Well we can always make a 100 reasons why not to get one, counterbalancing this one so newbies know what they're getting into


----------



## gary1218 (Dec 31, 2005)

8. ALL the great new friends you'll make.


----------



## AlexRible (Oct 16, 2007)

#9 You don't have to walk them


----------



## yours (Nov 11, 2007)

10)They're diurnal


11)They're addictive? (can't get JUST one!) hehe 



Alex


----------



## Otis (Apr 16, 2006)

Neona said:


> Well we can always make a 100 reasons why not to get one, counterbalancing this one so newbies know what they're getting into


That would make for a pretty depressing thread, "100 Reasons NOT to get a Dart Frog..."
lol



gary1218 said:


> 8. ALL the great new friends you'll make.


Good one!

12. Their poop does not smell, and their tanks smell lovely
13. You don't have to worry about being allergic to them


----------



## moothefrog (May 16, 2008)

Poison Dart Frogs Poison Arrow Frogs Dart Frogs & Exotic Tropical and Carnivorous Plants with Terrarium & Vivarium Supplies by Black Jungle Terrarium Supply


----------



## smilexelectric (Mar 14, 2009)

They do your chores for you.

JK

Fun to show off to the ladies, especially the froglets, cute yes they are.

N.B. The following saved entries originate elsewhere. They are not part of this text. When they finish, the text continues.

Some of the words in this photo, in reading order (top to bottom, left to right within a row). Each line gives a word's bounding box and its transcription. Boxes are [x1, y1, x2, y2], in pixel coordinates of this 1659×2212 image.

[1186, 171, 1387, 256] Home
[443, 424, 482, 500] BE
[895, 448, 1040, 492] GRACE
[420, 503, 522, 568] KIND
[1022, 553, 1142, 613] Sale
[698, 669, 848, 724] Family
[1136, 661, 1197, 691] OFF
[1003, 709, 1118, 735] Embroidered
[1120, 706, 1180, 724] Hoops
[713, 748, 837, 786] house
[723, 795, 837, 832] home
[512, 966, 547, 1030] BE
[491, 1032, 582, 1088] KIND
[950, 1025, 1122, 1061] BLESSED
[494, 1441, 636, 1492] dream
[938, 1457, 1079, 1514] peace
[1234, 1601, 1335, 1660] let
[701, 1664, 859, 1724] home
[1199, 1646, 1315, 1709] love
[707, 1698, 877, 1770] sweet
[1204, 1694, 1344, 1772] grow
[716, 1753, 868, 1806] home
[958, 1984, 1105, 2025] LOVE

If you really want to get the girls to like you let them name it Mr. Hippity Hoppity. Haha


----------



## zBrinks (Jul 16, 2006)

14. You don't have to spend time deciding what to spend any extra money on

15. Frogs = chick magnets

Ok, I admit to daydreaming when #15 was typed . . .


----------



## salix (Mar 28, 2008)

16. No poop to scoop (well, generally).


----------



## basshummper (Jan 13, 2008)

17. they don't bite house guests


----------



## SLEDDER23 (Mar 17, 2005)

too many serious ones to list, but I would have to say 

(btw, I count 18 previous. 2 #3's and one w/no #. Correct if I am wrong.)

19: I love building the tanks/stands, and daydreaming of the next one. Seeing it all come together that I created is a hoot. Forget that bathroom remodel the wife is nagging about.

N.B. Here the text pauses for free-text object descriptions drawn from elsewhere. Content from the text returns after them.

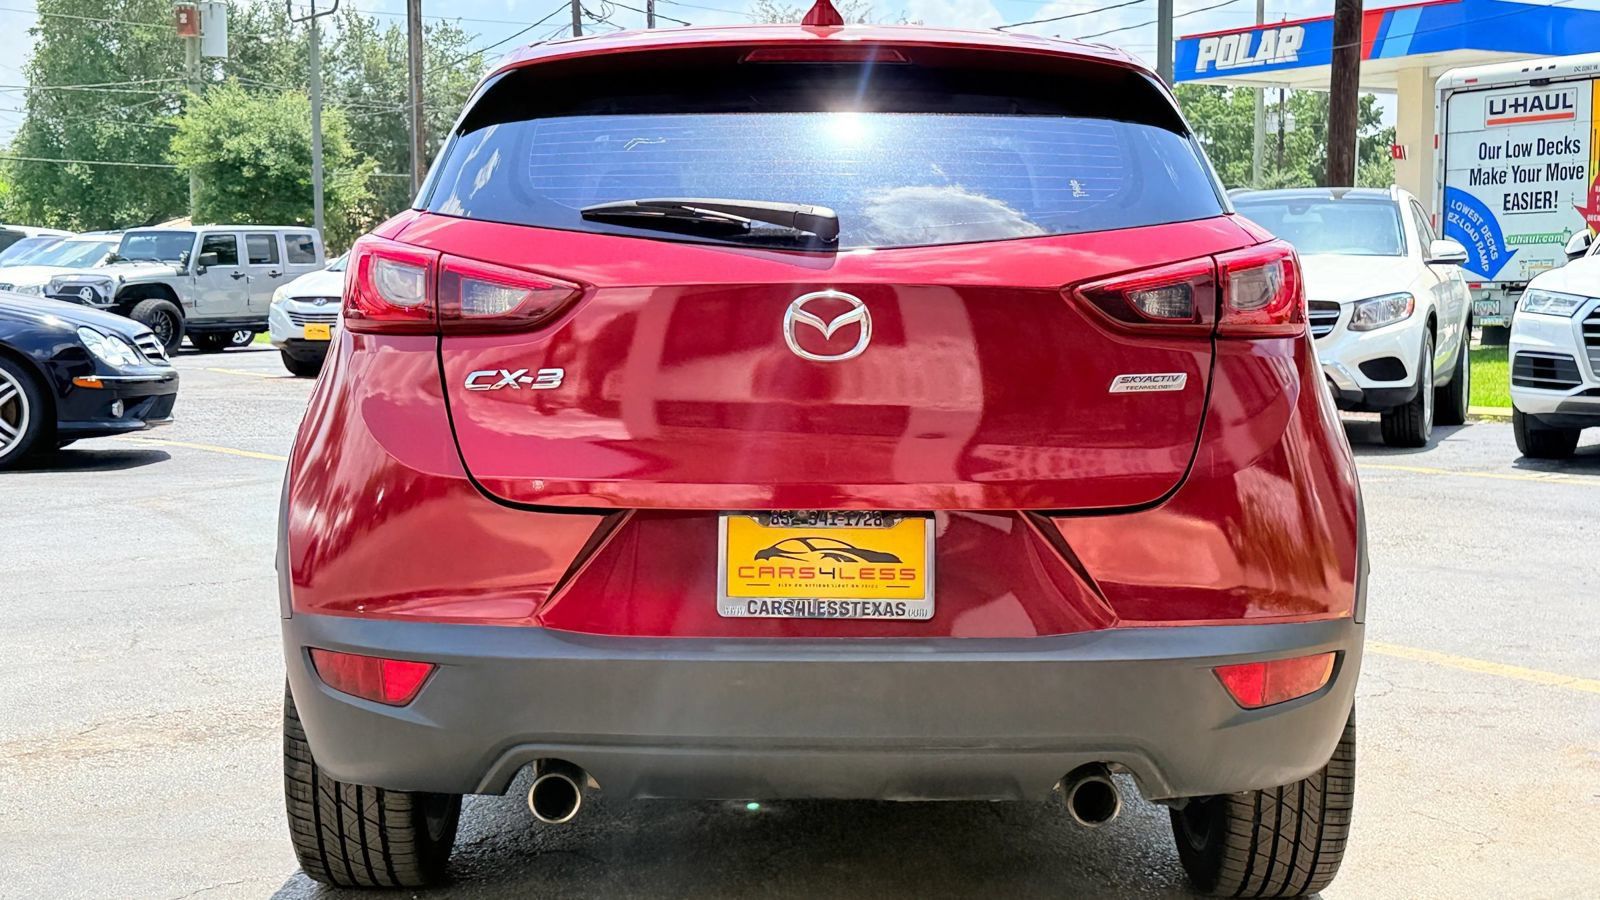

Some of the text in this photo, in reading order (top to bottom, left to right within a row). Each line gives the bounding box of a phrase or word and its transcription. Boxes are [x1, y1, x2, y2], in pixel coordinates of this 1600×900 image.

[1195, 26, 1305, 73] POLAR
[1489, 92, 1574, 115] U-HAUL
[1478, 135, 1581, 160] Our Low Decks
[1469, 163, 1584, 186] Make Your Move
[1503, 190, 1558, 211] EASIER!
[1450, 199, 1499, 260] LOWEST DECKS
[1447, 211, 1480, 242] EZ-LOAD
[1475, 240, 1490, 272] RAMP
[464, 368, 564, 391] CX-3
[1119, 375, 1181, 384] SKYACTIV
[738, 566, 916, 581] CARS4LESS

20: the looks people give you when you tell them you're hobby. "you keep what...?!"


----------



## Geckoguy (Dec 10, 2008)

21. You can learn alot about how sensitive the interaction between animals and the environment really is; even at a fruit fly level.

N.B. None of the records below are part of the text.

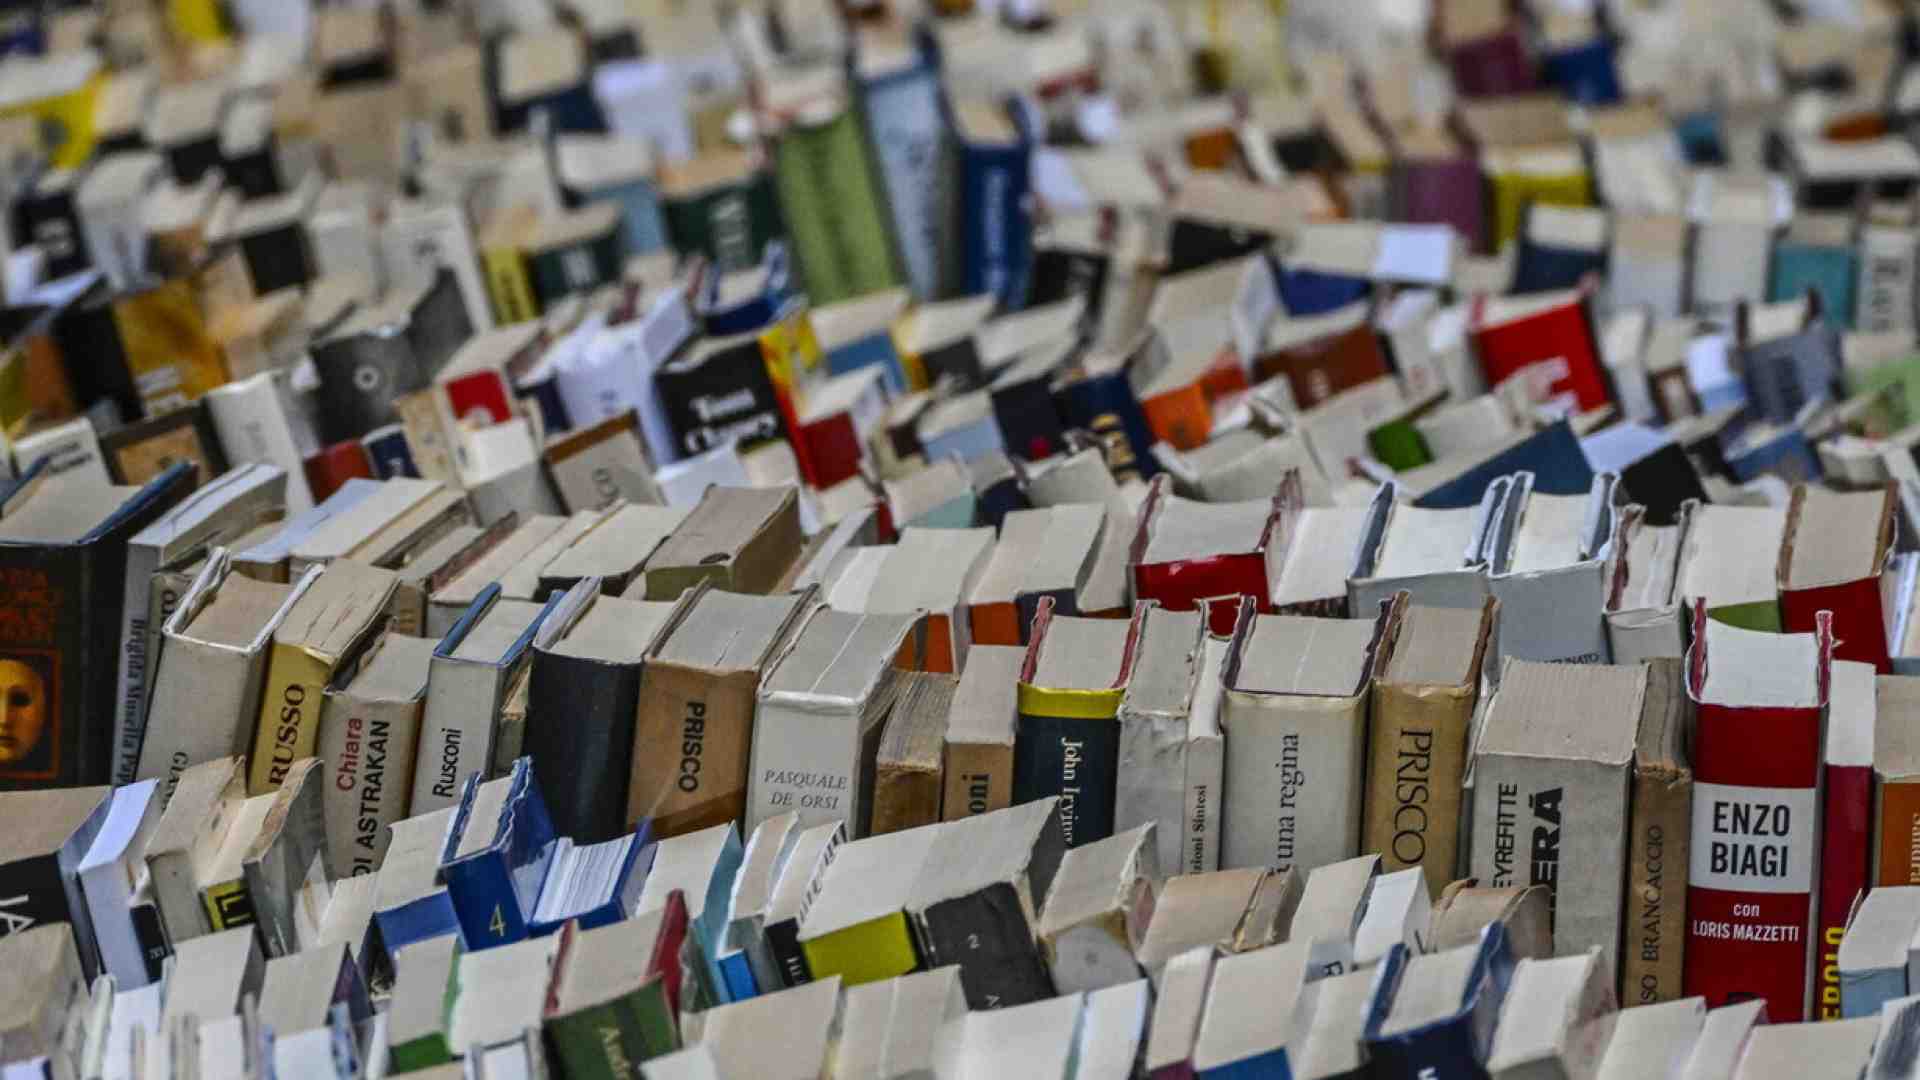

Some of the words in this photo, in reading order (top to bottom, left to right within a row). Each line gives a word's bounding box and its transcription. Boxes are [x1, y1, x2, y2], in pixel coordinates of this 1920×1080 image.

[269, 684, 305, 786] RUSSO
[336, 717, 363, 792] Chiara
[678, 701, 706, 792] PRISCO
[432, 727, 462, 798] Rusconi
[764, 769, 848, 790] PASQUALE
[1060, 737, 1083, 781] John
[1275, 733, 1304, 809] regina
[356, 720, 390, 850] ASTRAKAN
[769, 791, 793, 806] DE
[800, 794, 839, 810] ORSI
[962, 773, 989, 813] oni
[1391, 728, 1433, 865] PRISCO
[1277, 815, 1295, 860] una
[1712, 801, 1790, 837] ENZO
[1710, 841, 1789, 878] BIAGI
[1641, 823, 1664, 962] BRANCACCIO
[1733, 904, 1760, 917] con
[489, 903, 507, 937] 4
[1693, 919, 1730, 938] LORIS
[1732, 924, 1800, 943] MAZZETTI
[1641, 973, 1658, 1001] SO

22. They are great listeners; I talk to them for hours and they never complain just give me that look of understanding (Dont pretend like you dont)

23. It requires you to educate your self, and anything that makes you read more has to be good for you!


----------



## psychemjr (Jan 6, 2008)

Cheaper than crack..


----------



## frogparty (Dec 27, 2007)

25. because water changes suck to do 
26. A viv is just another excuse to get more plants
27. chicks ARE impressed by a tank full of tiny bejeweled frogs and mini orchids!


----------



## Link3898 (Sep 18, 2008)

28.


> Scientific studies suggest bromeliads can help improve indoor air-quality as you sleep. In the photosynthetic process, most common indoor plants remove carbon dioxide while emitting oxygen and water vapors during the day. But research indicates that bromeliads behave differently during the day / night cycle, releasing oxygen and removing air pollutants at night. Data collected by the Plants for Clean Air Council suggest that when combined with foliage plants, bromeliads can help provide around-the-clock indoor air purification.




looks like more broms can never hurt


----------



## michaelslenahan (Mar 10, 2009)

29. They are so photogenic!
30. It's fun to watch them hunt.
31. They don't shed on the furniture...


----------



## Dancing frogs (Feb 20, 2004)

An excuse to run you're AC when it's only 80F outside.


----------



## hexentanz (Sep 18, 2008)

Their tanks are relaxing to look at


----------



## Ziggi (Jan 23, 2009)

32. Keeps the cats busy staring blank at the viv for hours never finding anything.


----------



## M_Rybecky (Mar 16, 2009)

33. It's fun watching them play what i call "The Pickle Race". When they climb up the glass and slide down and you guess which one will get to the bottom first.
34. When they notice that you have entered the room they all seem to come and watch what you are doing.


----------



## nish07 (Mar 16, 2008)

35. You can culture their food.

-Nish


----------



## Rain_Frog (Apr 27, 2004)

darts? Who needs those when you can get mantellas and feed crickets!


----------



## herper99 (Mar 21, 2008)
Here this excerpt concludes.